Directors face liability over an ever widening range of threats, boosting D&O litigation claims

As bankruptcies mount brought on by the current crisis, so the risk of litigation against directors and officers (D&O) climbs. But it is not just the pandemic bringing potential problems to the door of company directors.

A host of issues have emerged to heighten concerns of regulators and shareholders, leaving directors with greater exposure to litigation and regulatory investigation. As the world becomes more complex, so too do the risks.
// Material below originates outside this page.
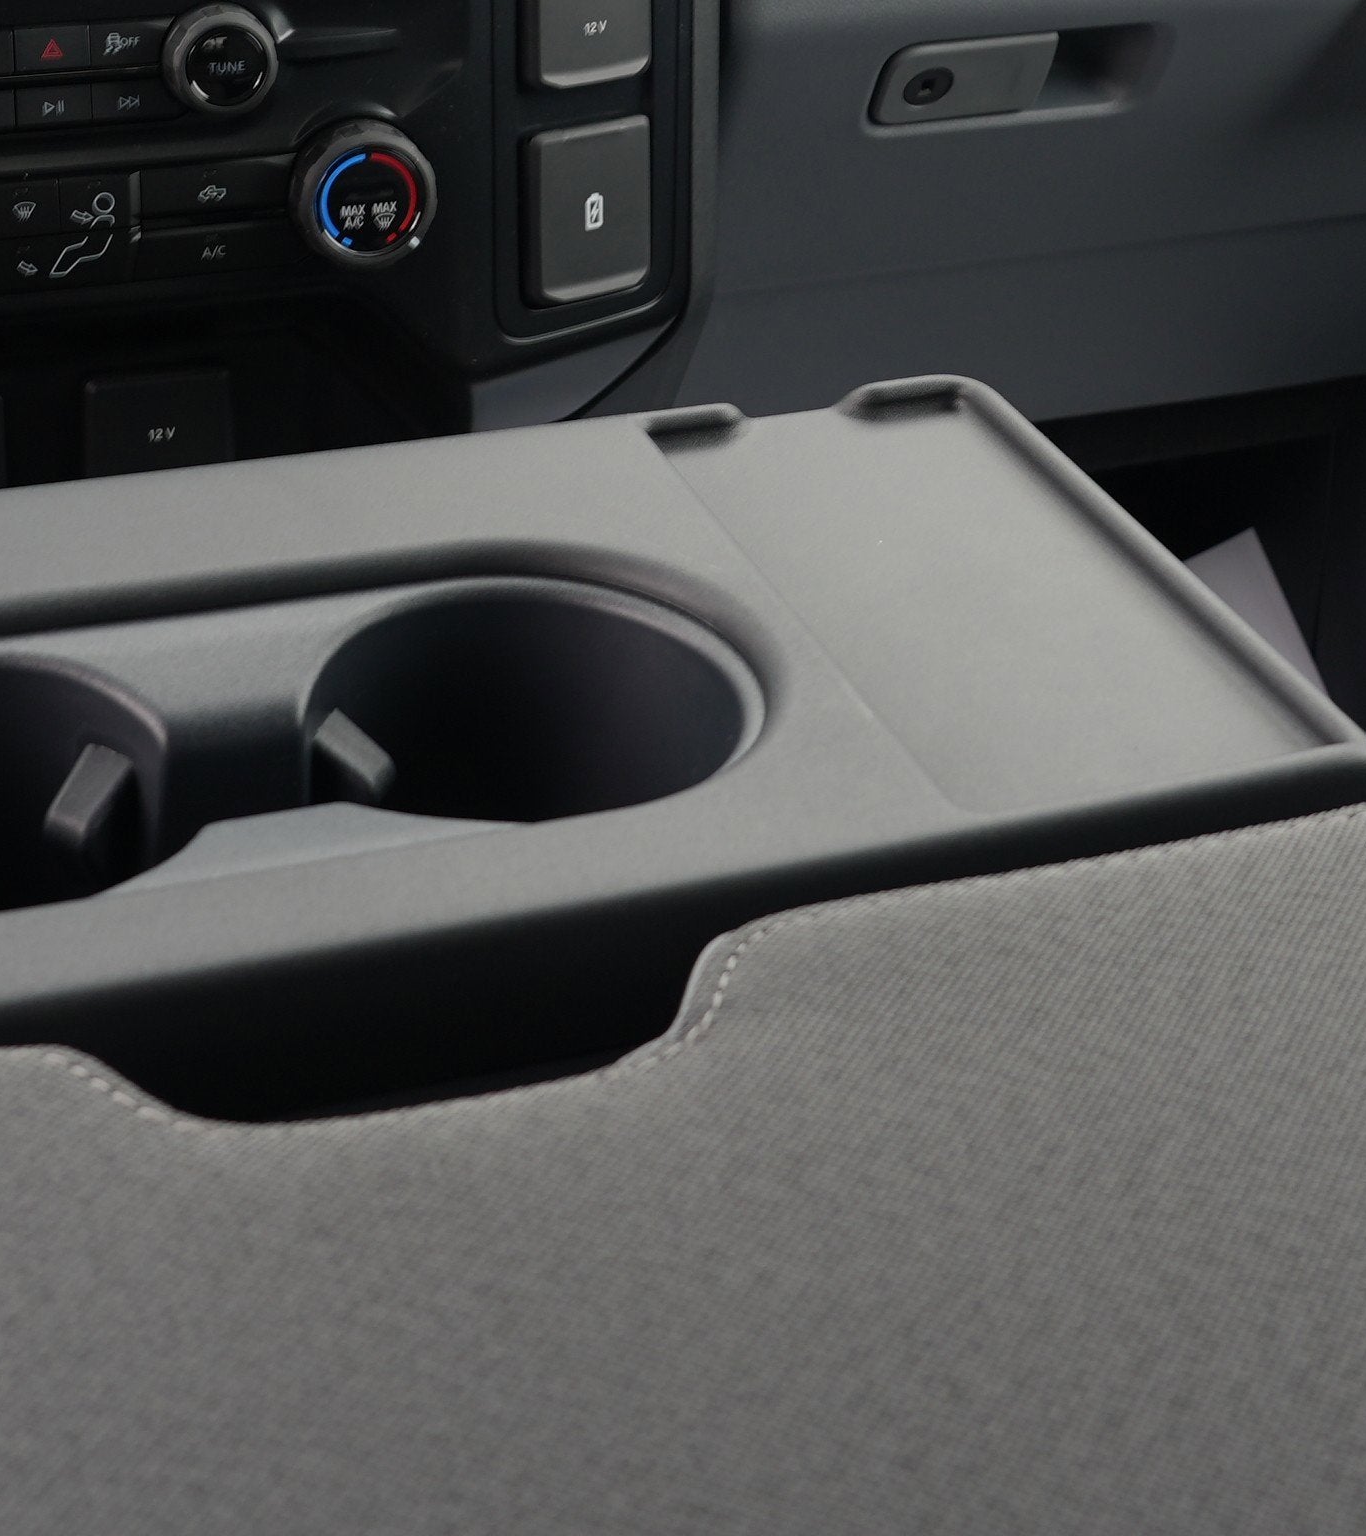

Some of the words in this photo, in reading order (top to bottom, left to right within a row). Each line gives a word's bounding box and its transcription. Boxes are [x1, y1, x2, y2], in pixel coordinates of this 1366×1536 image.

“The role of directors has become riskier,” says Nepo Loesti, head of financial lines Europe at insurance company AIG. “They are under more scrutiny and are being held accountable for their decisions, but at the same time their responsibilities have been increasing in areas like cybersecurity and privacy; compliance, such as bribery and corruption laws; and a heightened focus on corporate social responsibility.”

A new special report - Board Directors’ Guide to D&O Liability Insurance - produced by Board Agenda in partnership with AIG, highlights the trends driving D&O litigation. They include record numbers of class action lawsuits in the US, including increased numbers against non-domestic firms; increased activity originating in other countries, such as Australia, and across Europe; increased event-driven claims, such as those prompted by cyber attacks or executive misconduct; and a tougher regulatory environment.

In Europe, the report warns, the trends point towards the emergence of a claims culture, and a general desire to hold directors responsible and seek compensation.

Insolvency, cyber and societal change

Experts point to a number of risks that have raised D&O concerns. These include insolvency claims; cybersecurity and data breaches; climate change and environmental issues; the #MeToo movement and other societal risks and merger objection litigation.

While insolvency is a risk as old as business itself, other risks have emerged in recent years to test directors.

One of these is cybersecurity, which companies have previously tended to see as an operational issue rather than rooted in governance. The report warns that boards should seek external advice and regulator briefings to ensure that companies are aware of the risks posed by cyber and new technologies.

Meanwhile, environmental issues are behind a number of D&O claims, a trend that is likely to accelerate. Societal risks also continue to evolve, with increased personal accountability, changing attitudes and the rise of social media meaning that directors are increasingly exposed.

“We should expect to see more claims in the future resulting from societal change,” says Geraud Verhille, head of financial lines UK at AIG. “People are now far less willing to put up with perceived injustices and failings in corporate conduct and culture.

“They are more willing to speak up and will find the lawyers waiting should they want to bring a complaint.”

That all places a premium on directors being prepared for things going sour. There are potentially ruinous costs involved in facing claims. Regulatory investigations can go on for many years before the directors are finally exonerated. Even when directors are innocent, claims can result in large and unexpected legal bills.

Board engagement with risk has never been so important. Directors need to develop a deep understanding of their liabilities and emerging risks, and to engage—in partnership with their risk managers and legal counsel—in regular reviews of their D&O liability insurance.